Pero la rana siguió mirando. Parecía confortada por las imágenes, como si le aliviaran de una gran
ansiedad; o quizá era sólo alegría por la luz, por ese sentido de movimiento vital ―sin amenazas ni
peligros― que ver TV proporciona.
La rana TV se retiró al alba, pero volvió la noche siguiente y la noche después de esa.
Axel decidió no molestar a la rana. Por la mañana, al pasar hacia la computadora Reggiesystem,
le gritaba: «¡Hola, rana TV!», y seguiría su camino. Y así lo hizo a partir de entonces.
Ya hacia el final de la semana, cuando Axel pasaba por ahí, la Rana de la TV se demoraba lo
suficiente en el umbral de la ventana como para que Axel pudiera verla. En silueta contra la claridad
del día, levantaba su pata delantera izquierda a modo de saludo antes de brincar afuera por la
ventana, dondequiera que las ranas TV fueran durante el día.

Cuando finalmente llegó la caja de madera que contenía a Rotomotoman, todos los saurios se
agruparon a mirar cómo Tom Groverton la abría en el centro de la sala.
La caja era enorme. Incluso Diógenes tenía que ponerse de puntillas para espiar adentro. Axel se
subió a sus hombros, esperando ver a Rotomotoman dentro tal como él lo ideó, con plena carga y
listo para funcionar. Pero lo que vio fue una docena de partes de componentes envueltos en bolsas
de vinilo, y protegidos con espuma de embalar.

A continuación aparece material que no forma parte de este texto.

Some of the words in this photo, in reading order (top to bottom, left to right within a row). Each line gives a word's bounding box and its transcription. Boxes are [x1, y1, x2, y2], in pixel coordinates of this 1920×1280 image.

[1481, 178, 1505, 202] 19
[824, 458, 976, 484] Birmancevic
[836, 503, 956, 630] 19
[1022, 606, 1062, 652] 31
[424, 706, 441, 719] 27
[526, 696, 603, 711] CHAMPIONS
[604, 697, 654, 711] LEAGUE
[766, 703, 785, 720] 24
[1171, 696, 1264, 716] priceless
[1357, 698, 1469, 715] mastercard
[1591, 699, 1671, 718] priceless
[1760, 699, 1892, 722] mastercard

Junto con una copia de la factura, llegaron varias hojas de papel llenas de texto en tipografía
diminuta, encabezado con letras de tipo grueso: «Algunas instrucciones de montaje».
Como todo el mundo sabe, «algunas» es un indefinido. La creación del Gran Cañón tomó «algún»

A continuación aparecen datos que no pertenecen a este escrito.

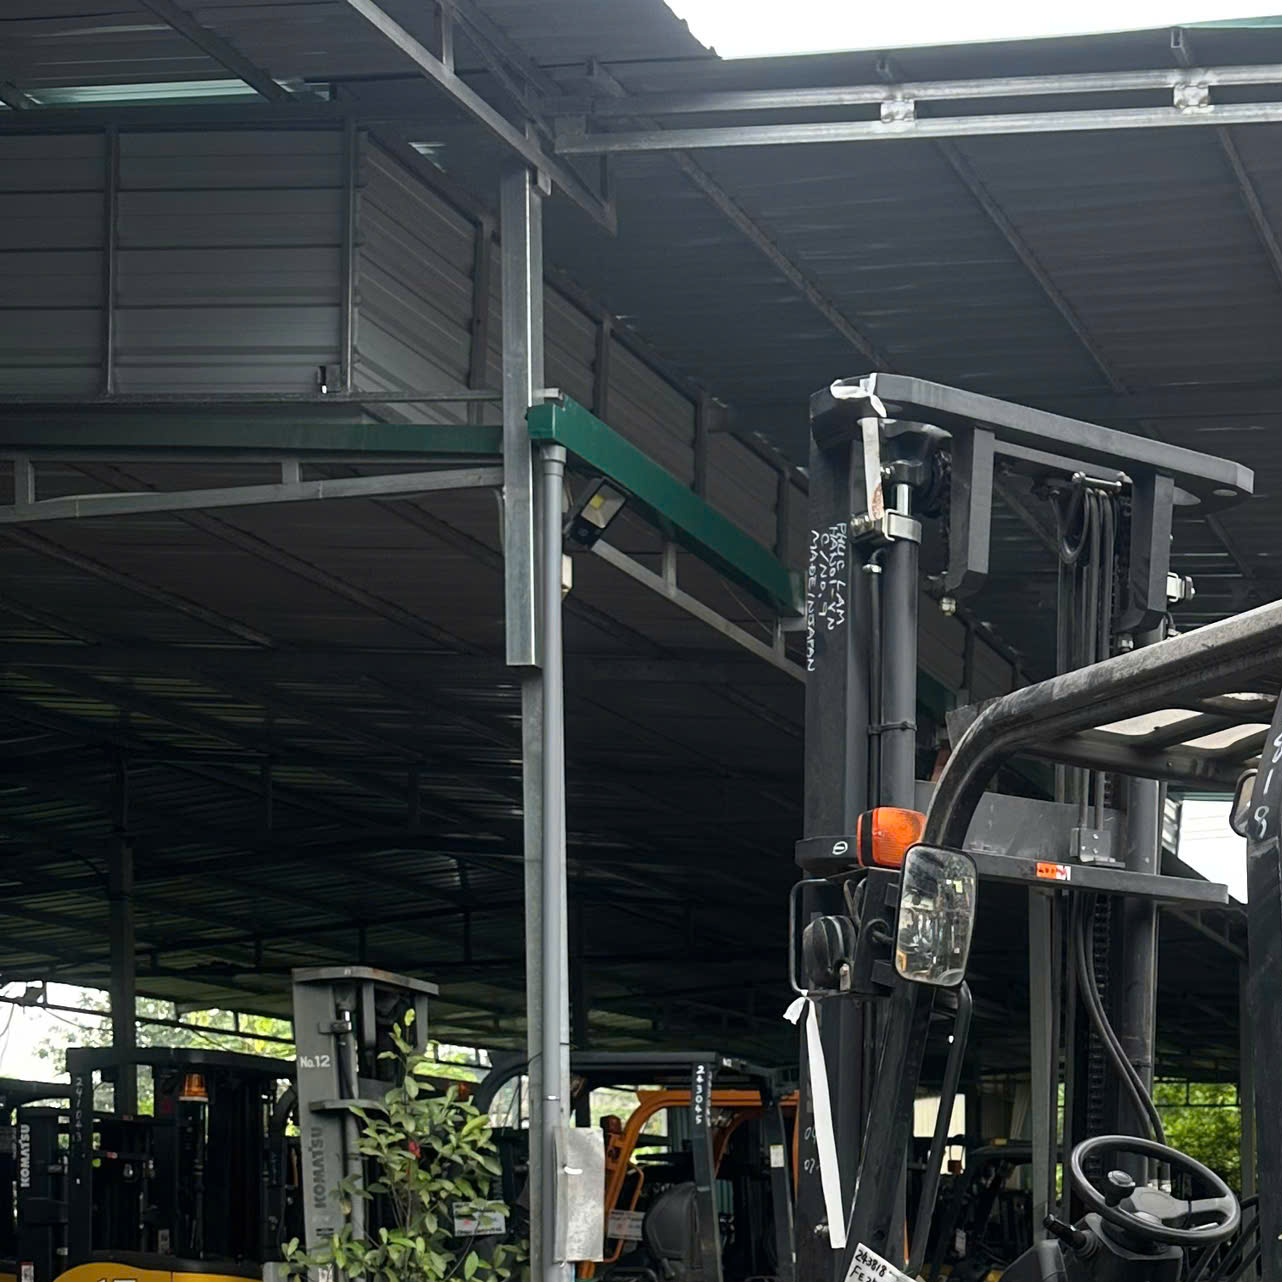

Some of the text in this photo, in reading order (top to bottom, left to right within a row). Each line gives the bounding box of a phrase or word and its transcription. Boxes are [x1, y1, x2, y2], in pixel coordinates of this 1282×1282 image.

tiempo y la formación de materia en el momento del Big Bang requirió «algunos» procesos.
Tom retiró cuidadosamente los componentes de la caja de madera. Mientras las piezas cubrían
lentamente el suelo, Agnes las revisaba, olfateando y frunciendo el entrecejo.
—Hum. Parece que enviaron la basura en lugar del cubo.

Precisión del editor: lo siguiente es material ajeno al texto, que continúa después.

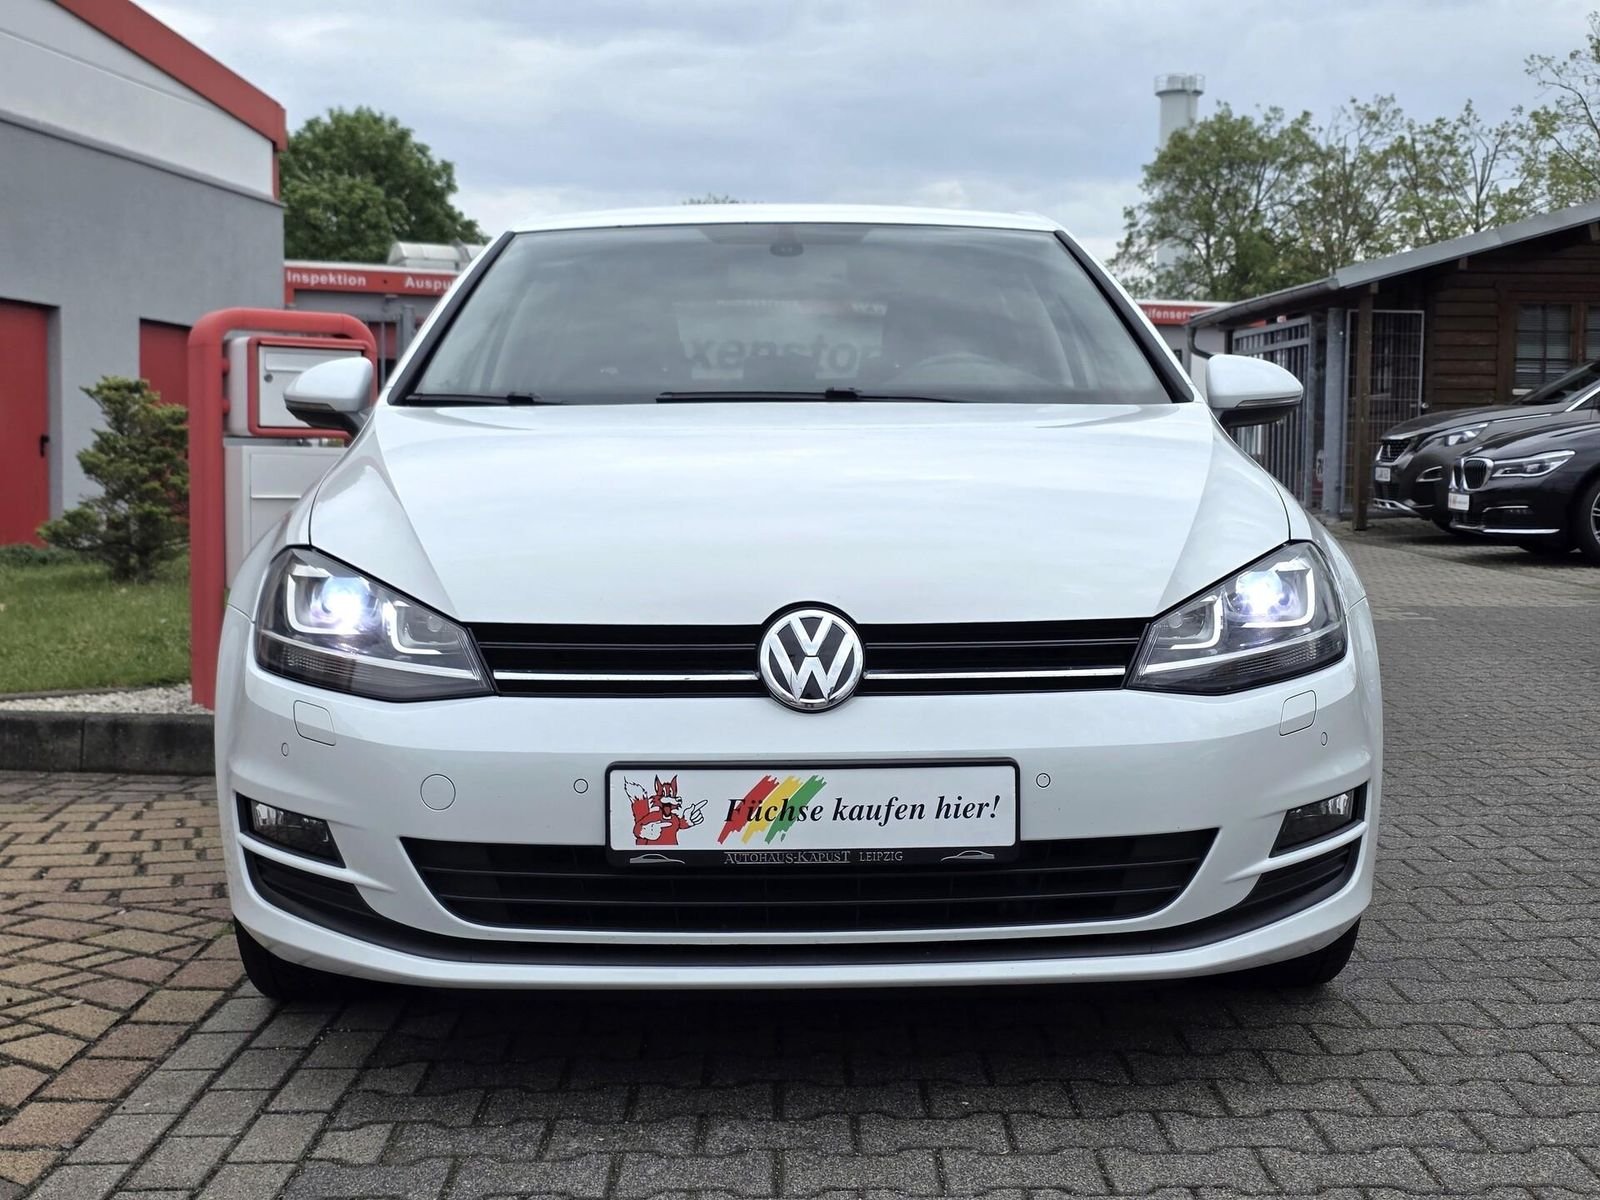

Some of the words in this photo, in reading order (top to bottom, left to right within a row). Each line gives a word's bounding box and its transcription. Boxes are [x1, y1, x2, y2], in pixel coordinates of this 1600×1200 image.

[287, 270, 367, 288] Inspektion
[404, 275, 455, 293] Auspu
[724, 797, 824, 822] Füchse
[832, 796, 926, 827] kaufen
[935, 795, 1001, 820] hier!
[859, 851, 904, 863] LEIPZIG
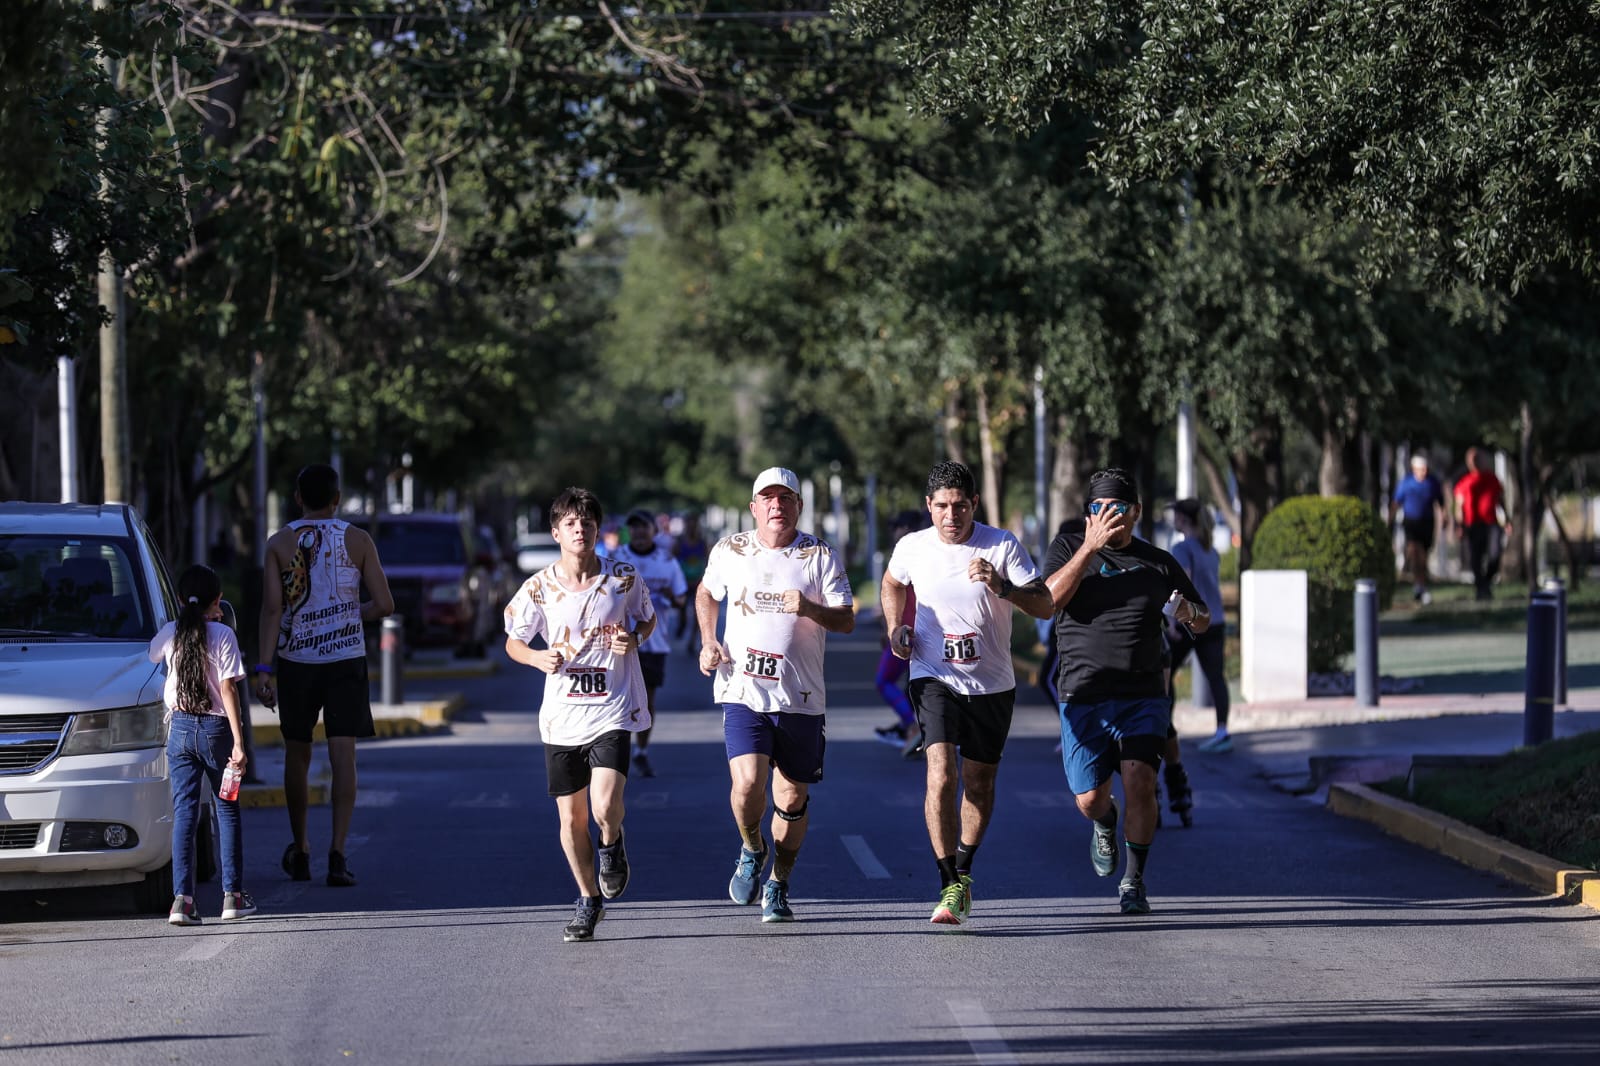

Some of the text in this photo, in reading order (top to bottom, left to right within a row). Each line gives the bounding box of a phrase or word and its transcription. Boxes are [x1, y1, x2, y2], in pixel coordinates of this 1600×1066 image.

[295, 629, 314, 640] CLUB
[944, 638, 976, 659] 513
[745, 653, 778, 677] 313
[569, 672, 607, 694] 208

—Está todo en trozos —susurró Bronté, mirando de un componente a otro.
—¿Se habrá roto? —dudó Rosie.
—Se olvidaron de montarlo —observó Charlie.
Diógenes se inclinó para que Axel pudiera descender e inspeccionar su desmontada creación. Se
quedó de pie, boquiabierto, pareciendo ligeramente desanimado y sin duda abrumado.
—Estamos de suerte —le susurró Agnes aparte a Doc—. Con todos estos pedazos, le llevará
meses armarlo.
—Si es que siquiera lo logra —contestó Doc—. No dudo del entusiasmo y la determinación del
pequeño amigo, pero su atención tiende a dispersarse.
—Entonces juntaremos los pedazos en la caja y los pondremos en el sótano, o los sacaremos con
la basura, adonde pertenecen.
—No nos adelantemos —dijo Doc, con grave cuchicheo—. No quisiera ver al pequeño amigo
desalentado o defraudado.
—¿Acaso quieres que ese bulto de metal rodante pase por encima de tus pies cada diez minutos?
Axel paseó alrededor del desmontado Rotomotoman, igual que como lo haría un investigador de
siniestros frente a los restos del accidente de un jet. Luego miró hacia Tom Groverton.
—¿Qué haremos ahora?
—Eso es cosa tuya, Axel.
El resto de los saurios miró en silencio a Axel, quien dio otra vuelta alrededor de los componentes.
Tíbor, el pequeño y meditabundo apatosaurio, se llegó a la caja de madera con un crayón en su
boca y rápidamente garrapateó en ella: «Palacio Imperial de Invierno de Tíbor. No tirar, por orden de
Tíbor».
Axel apuntó hacia un pedazo de metal con forma de cúpula y les dijo a los otros:
—¡Mira! ¡Ésa es su cabeza! Y esta otra parte de aquí… ―palmoteó el cilindro que era el bulto
mayor sacado de la caja de madera—, ¡éste es su cuerpo! ¡Ésas son sus ruedas, en esa bolsa!
¡Esas varas en aquella otra bolsa son sus brazos! Y éste… —elevó un disco grande y blanco que
contenía un iris oscuro e intrincada en su montura de plexiglás—, ¡éste es uno de sus ojos!
Lo sostuvo entre sus patas delanteras y contra su pecho, y acercó un poco al círculo de saurios.
El iris rodó por el interior del disco, como si el desmontado ojo escrutara el cuarto.
Los saurios se retiraron unos pasos. Alfie escondió su cabeza en el pecho de Tyrone.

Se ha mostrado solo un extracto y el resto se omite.